Network Network Interruption

Disruption

  • Update (18:05): Suspected localised network failure affecting a small number of servers.
  • Update (18:15): The issue looks to be isolated to a single rack and is believed to be power related.
  • Update (18:30): A circuit breaker has tripped in a single rack, resulting in the fail-over of HA stacks and brief periods of unavailability for single-server stacks.
  • Update (18:37): Power has been restored, but it looks like on restoration that multiple access switches on the B network have booted back up in a "safe-default" state. The device configurations are being re-provisioned.
  • Update (18:45): Services are operating normally and being monitored.

Post-Mortem

Our report from the incident is as follows.

Issue

Loss of connectivity, high load and periods of unavailability for a single rack of equipment.

Outage Length

The duration was up to 18 minutes.

Underlying cause

A Power Supply Unit (PSU) in another server, within the same rack connected to the B power feed catastrophically failed. The catastrophic failure, unlike that of a typical PSU failure, caused a spike/surge in electrical activity, which triggered the Moulded Case Circuit Breaker (MCCB) for the B power feed to trip and cut off power.

On restoration of power of the B feed, the access switch booted into a “fail-safe” environment, in which the configuration was not fully restored. This led to the stack detecting the physical link was back up and began routing traffic over the B network; however the traffic was not being routed correctly.

Symptoms

Our facilities monitoring, and service monitoring probes immediately reported the incident.

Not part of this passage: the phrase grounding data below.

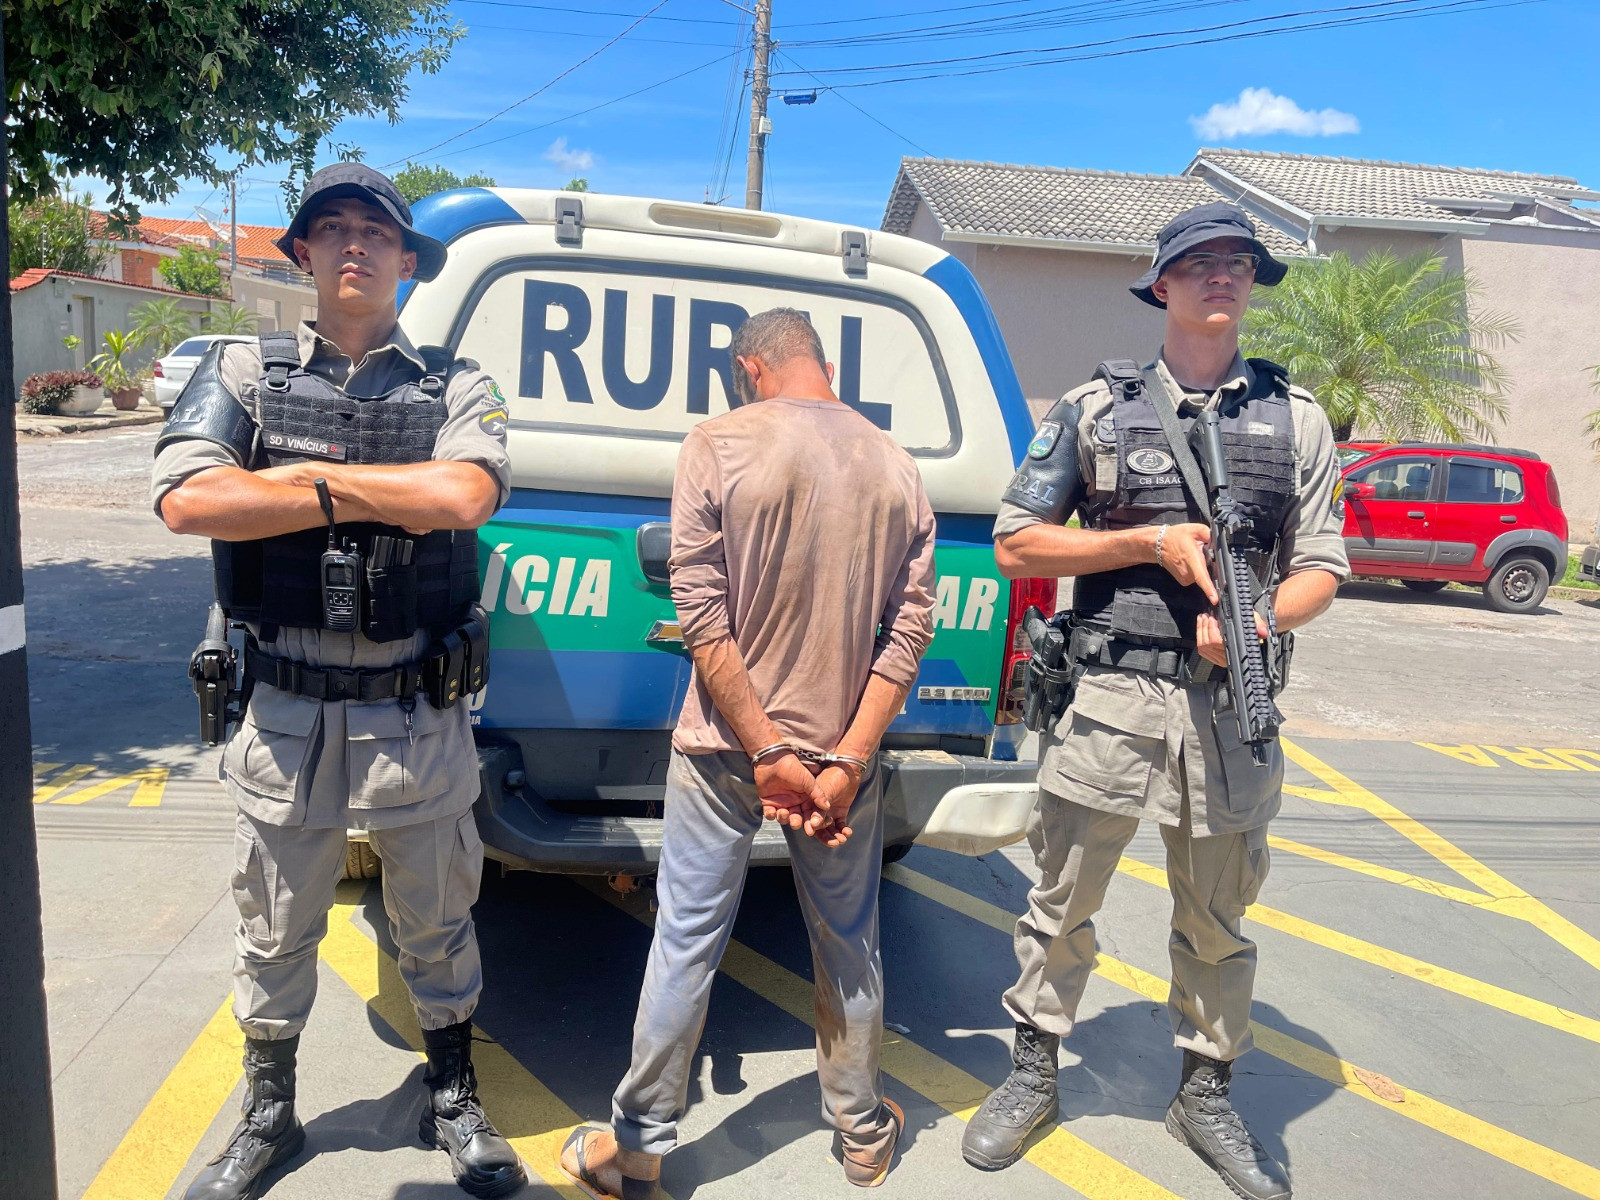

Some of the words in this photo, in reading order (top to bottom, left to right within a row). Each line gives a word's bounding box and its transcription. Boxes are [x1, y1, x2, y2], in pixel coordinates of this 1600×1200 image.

[519, 278, 892, 431] RURL
[269, 435, 283, 446] SD
[287, 437, 328, 454] VINÍCIUS
[1139, 477, 1152, 486] CB
[1156, 476, 1184, 485] ISAAC

Customers would have experienced slow page load times through to a completely inaccessible site.

Resolution

Network engineers immediately restored the running configuration of the affected access switches, and gradually services restored normality. The disruption in network flow and packet loss caused delays in service restoration in the mutli-server stack, as each stack member was unable to cleanly communicate with its peers. This in turn caused load averages to increase, resulting in delayed service restoration even after the network connectivity was fully operational.

Prevention

Monitoring, disaster recovery procedures and staff action were followed exactly as anticipated, rapidly identifying the issue, resolving the issue and keeping downtime to a minimum.

This was an exceptional situation and there is nothing we believe could be performed differently to reduce or avoid downtime.